How many nominees appear on the New Jersey boys basketball ballot each week?
Eight. The January 20, 2025 ballot had exactly eight players: William Brunson (Rutgers Prep), Angel Castellano (Harrison), Johnny Chaname (Lyndhurst), Micah Gordon (Plainfield), Xzavier Holley (Academy Charter), Sam Jones (Sayreville), Malik Myatt (Life Center Academy), and JoJo Newell (Henry Hudson Regional). That is a wider field than the SI football polls, which typically carry six nominees per week.
Which NJSIAA sections are represented on the ballot?
The January 2025 ballot drew from across the state — Rutgers Prep (Somerset County, Central NJ), Harrison (Hudson County, North Jersey Section II), Lyndhurst (Bergen County, Section I), Plainfield (Union County, Section II), Sayreville (Middlesex County, Central), and Henry Hudson Regional (Monmouth County, Shore Conference). Life Center Academy and Academy Charter are non-public programs. No single section dominates the field; SI pulls nominations statewide.
Can a player from a non-public school like Don Bosco Prep or Bergen Catholic appear on the ballot?
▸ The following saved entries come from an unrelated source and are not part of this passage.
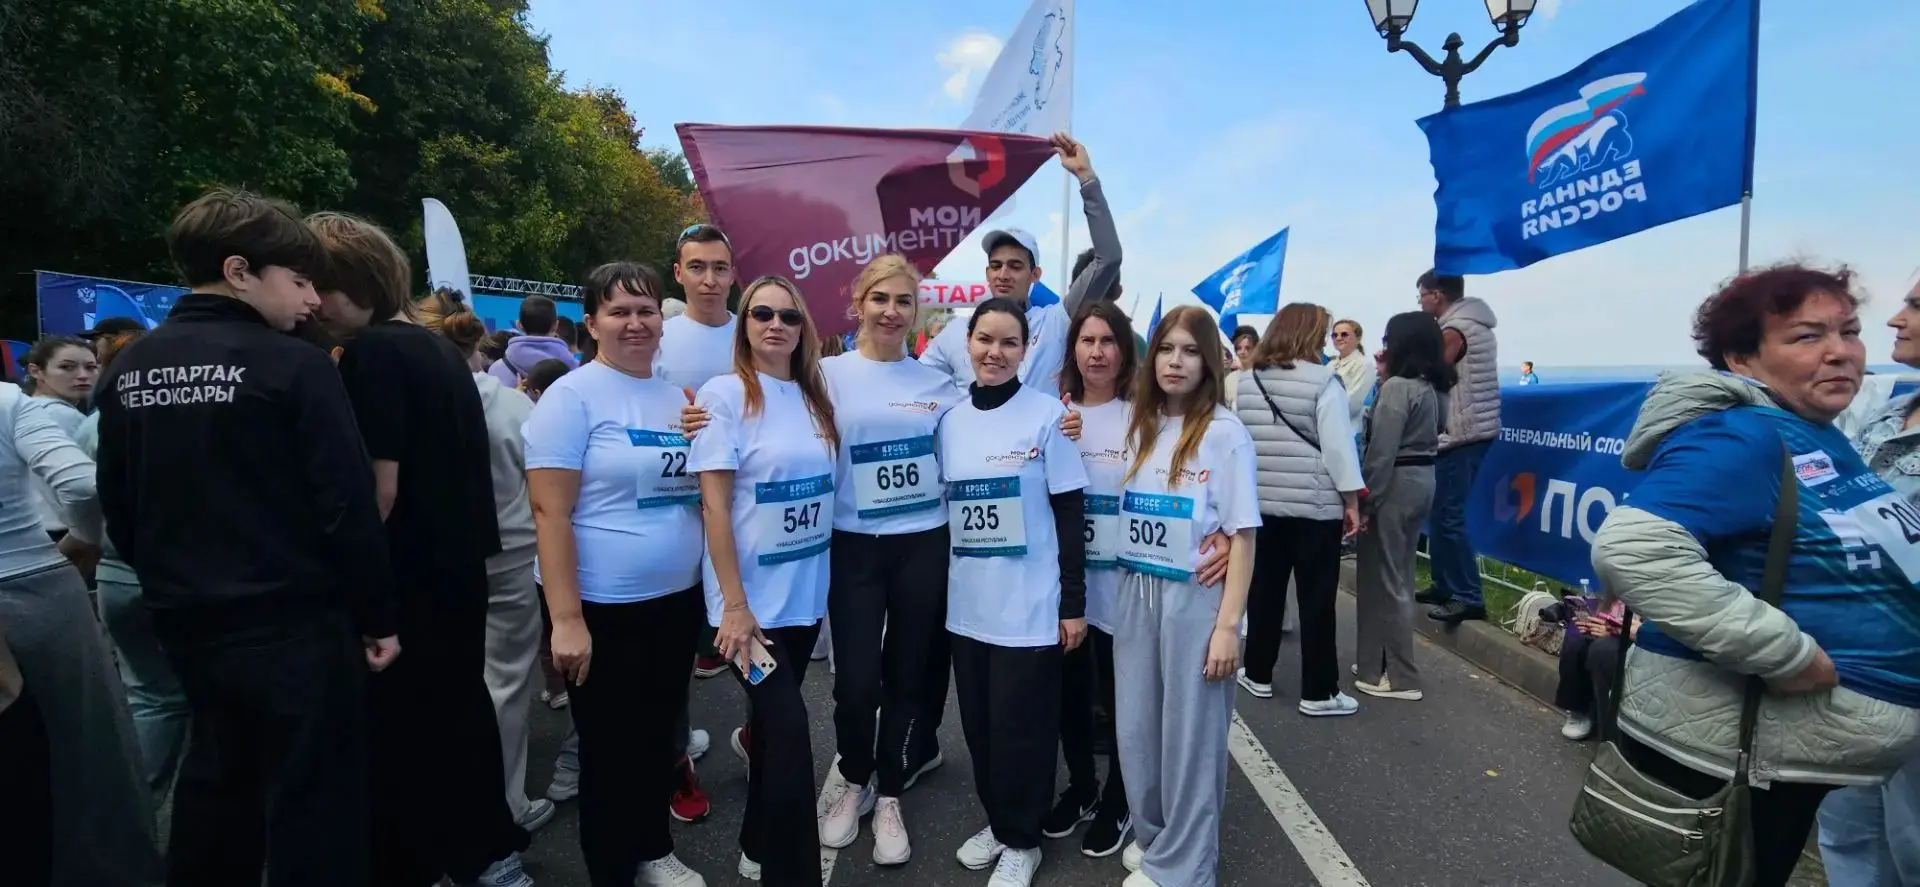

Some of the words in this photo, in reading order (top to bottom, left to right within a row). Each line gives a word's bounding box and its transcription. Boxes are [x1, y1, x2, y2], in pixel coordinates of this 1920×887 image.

[117, 370, 141, 392] СШ
[147, 364, 247, 386] СПАРТАК
[120, 385, 236, 409] ЧЕБОКСАРЫ
[1499, 427, 1592, 452] ГЕНЕРАЛЬНЫЙ
[1594, 436, 1625, 456] СПО
[876, 462, 920, 491] 656
[783, 501, 822, 534] 547
[961, 504, 1000, 531] 235
[1540, 478, 1630, 548] ПО
[1129, 518, 1168, 548] 502
Yes. Life Center Academy and Academy Charter School were both on the January 2025 ballot — non-public programs competing for votes alongside public school nominees. NJSIAA Non-Public A and Non-Public B programs are eligible, and SI does not filter by school classification.
Henry Hudson Regional appears on the ballot — how large is that school?
Henry Hudson Regional in Highlands (Monmouth County) enrolls under 300 students, making it one of the smallest programs in the Shore Conference. JoJo Newell's appearance on the January 2025 statewide ballot alongside nominees from Rutgers Prep and Plainfield — both much larger programs — is a concrete example of how enrollment does not gate this poll. The ballot is open statewide and the fan vote decides it.

Last reviewed June 2026. Contest dates, rules and vote caps change each season — always confirm the current rules on the official contest page before you vote.